### Recorded data
========================================
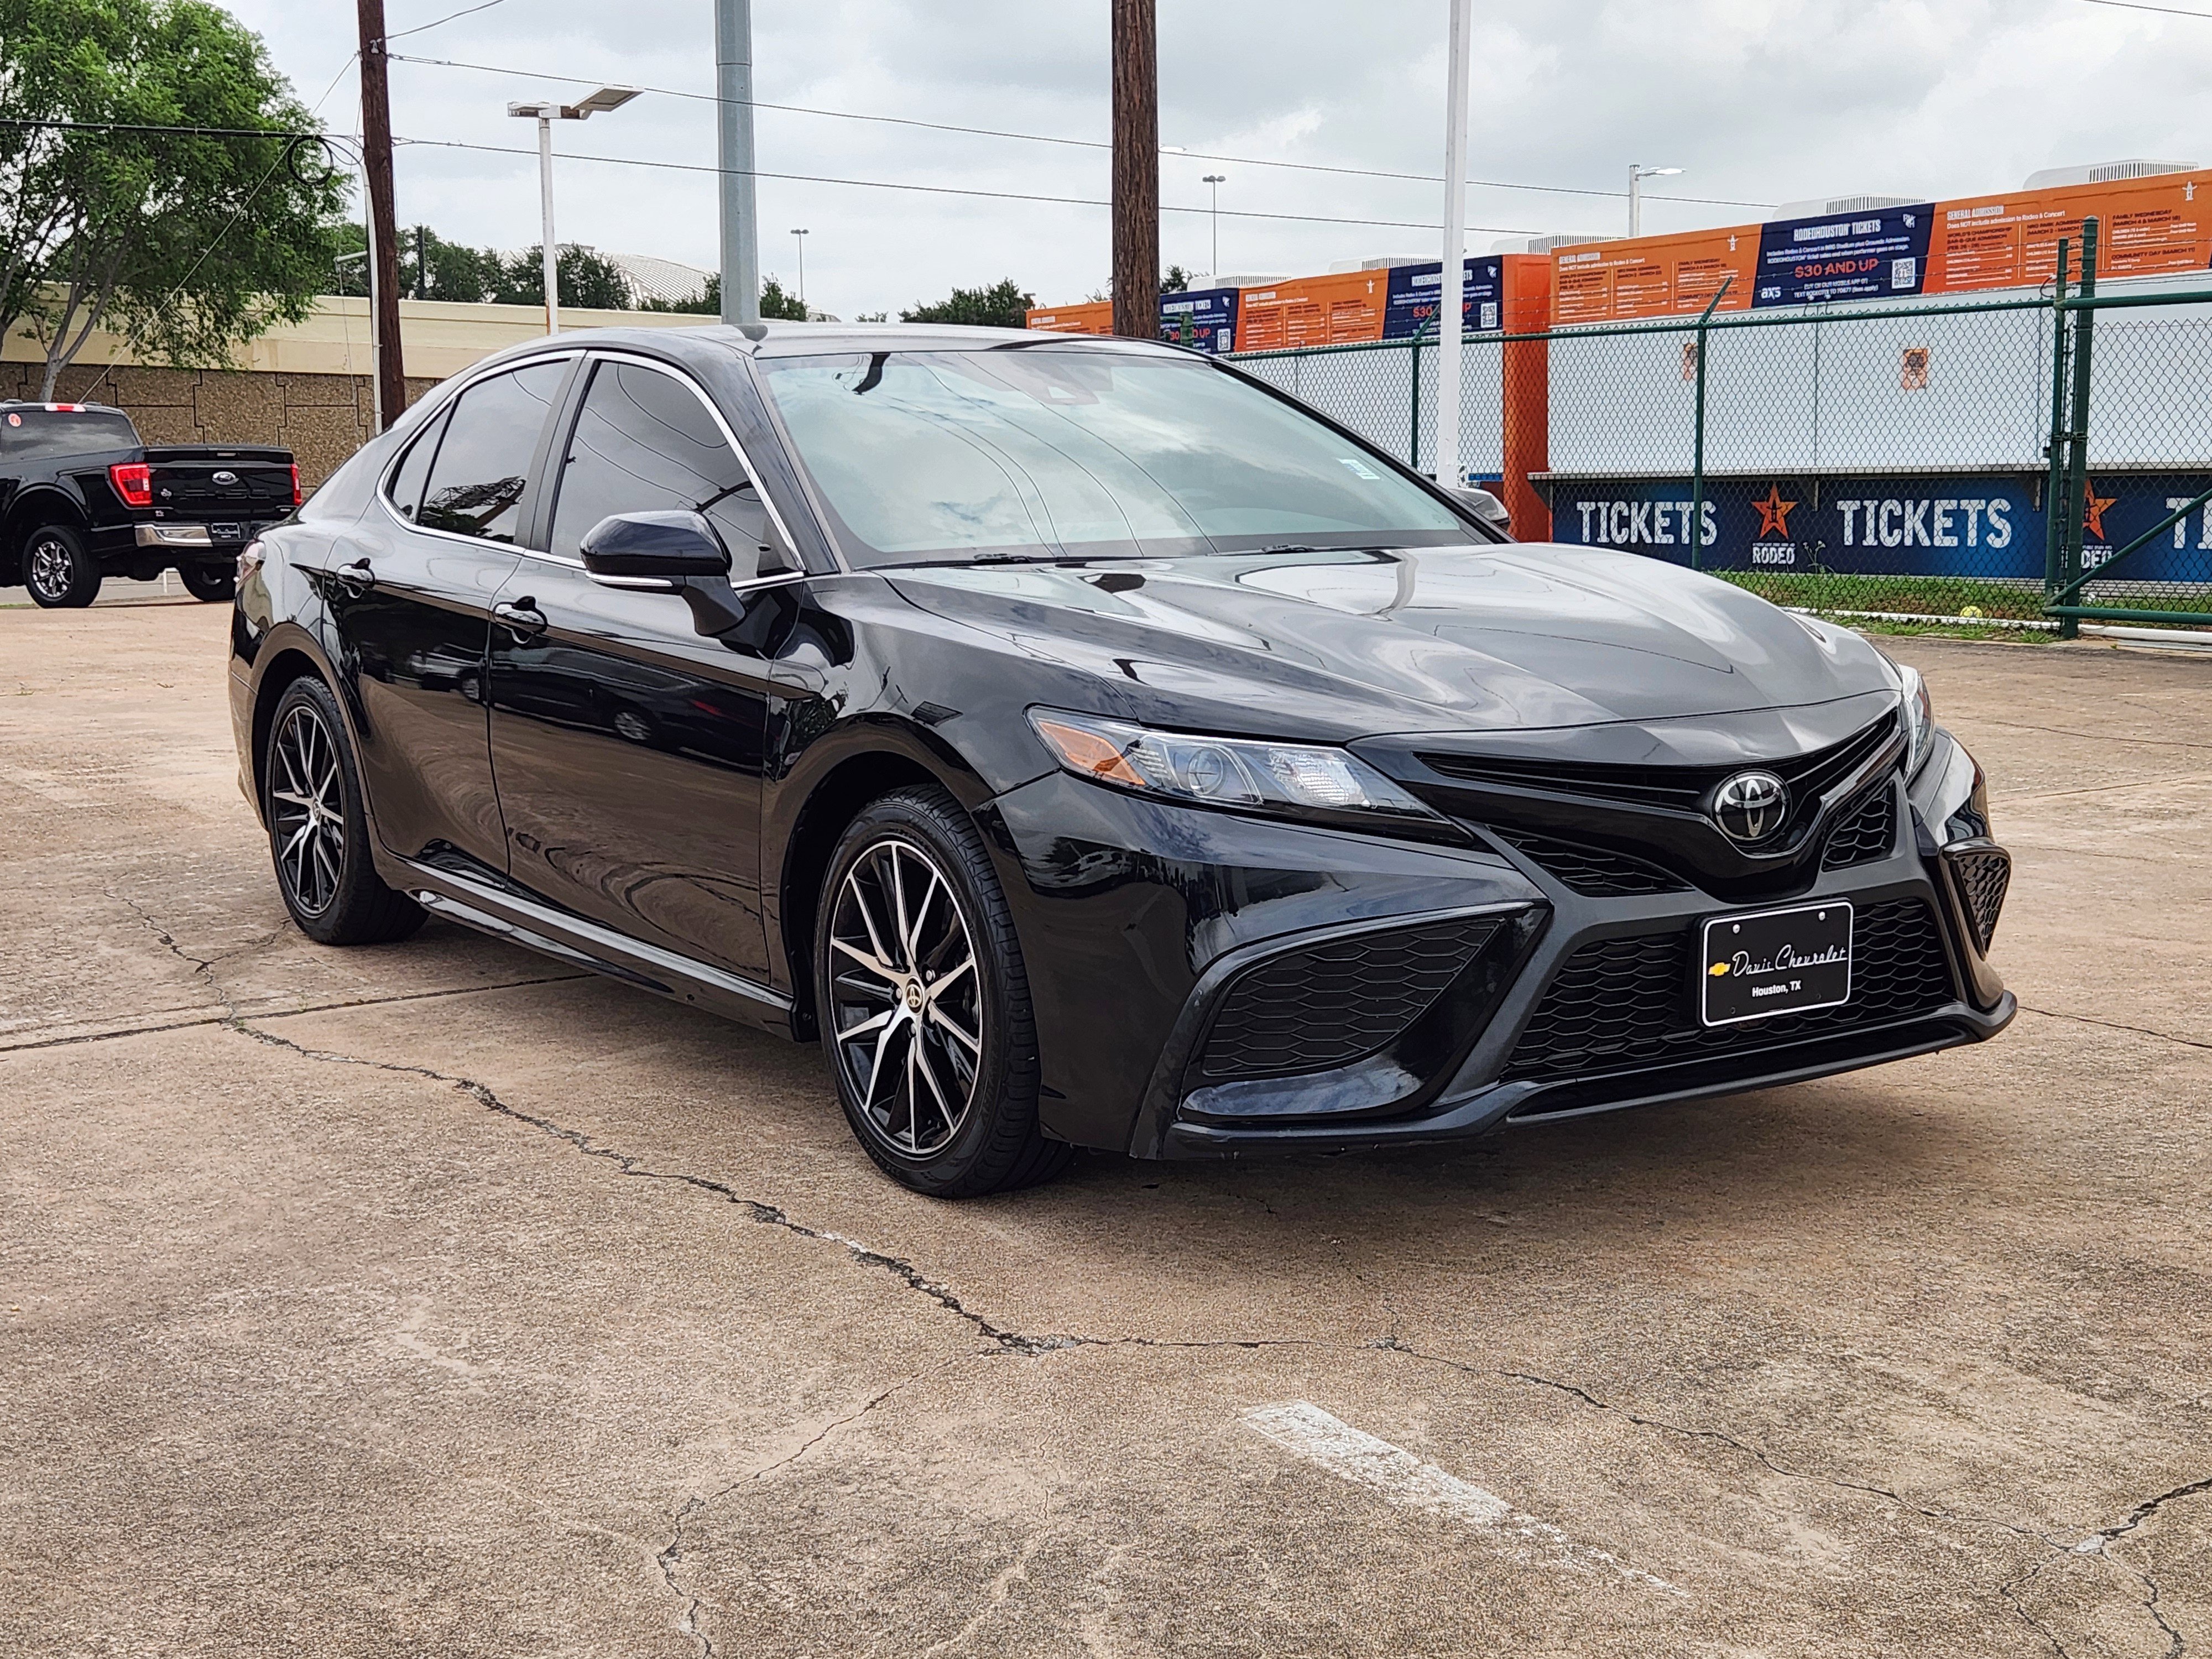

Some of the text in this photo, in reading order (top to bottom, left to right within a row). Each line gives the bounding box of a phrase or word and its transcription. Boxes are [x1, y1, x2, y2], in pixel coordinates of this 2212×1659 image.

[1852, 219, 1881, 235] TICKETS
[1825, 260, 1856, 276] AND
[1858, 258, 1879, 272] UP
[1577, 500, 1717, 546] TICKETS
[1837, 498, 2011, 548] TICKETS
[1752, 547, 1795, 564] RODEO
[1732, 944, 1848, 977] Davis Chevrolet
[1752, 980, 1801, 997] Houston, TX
========================================
Your answer must be the full listing, reproduced word for word, without its pictures.

Some of the text in this photo, in reading order (top to bottom, left to right within a row). Each line gives the bounding box of a phrase or word and its transcription. Boxes are [x1, y1, x2, y2], in pixel coordinates of this 2212×1659 image.

[1852, 219, 1881, 235] TICKETS
[1825, 260, 1856, 276] AND
[1858, 258, 1879, 272] UP
[1577, 500, 1717, 546] TICKETS
[1837, 498, 2011, 548] TICKETS
[1752, 547, 1795, 564] RODEO
[1732, 944, 1848, 977] Davis Chevrolet
[1752, 980, 1801, 997] Houston, TX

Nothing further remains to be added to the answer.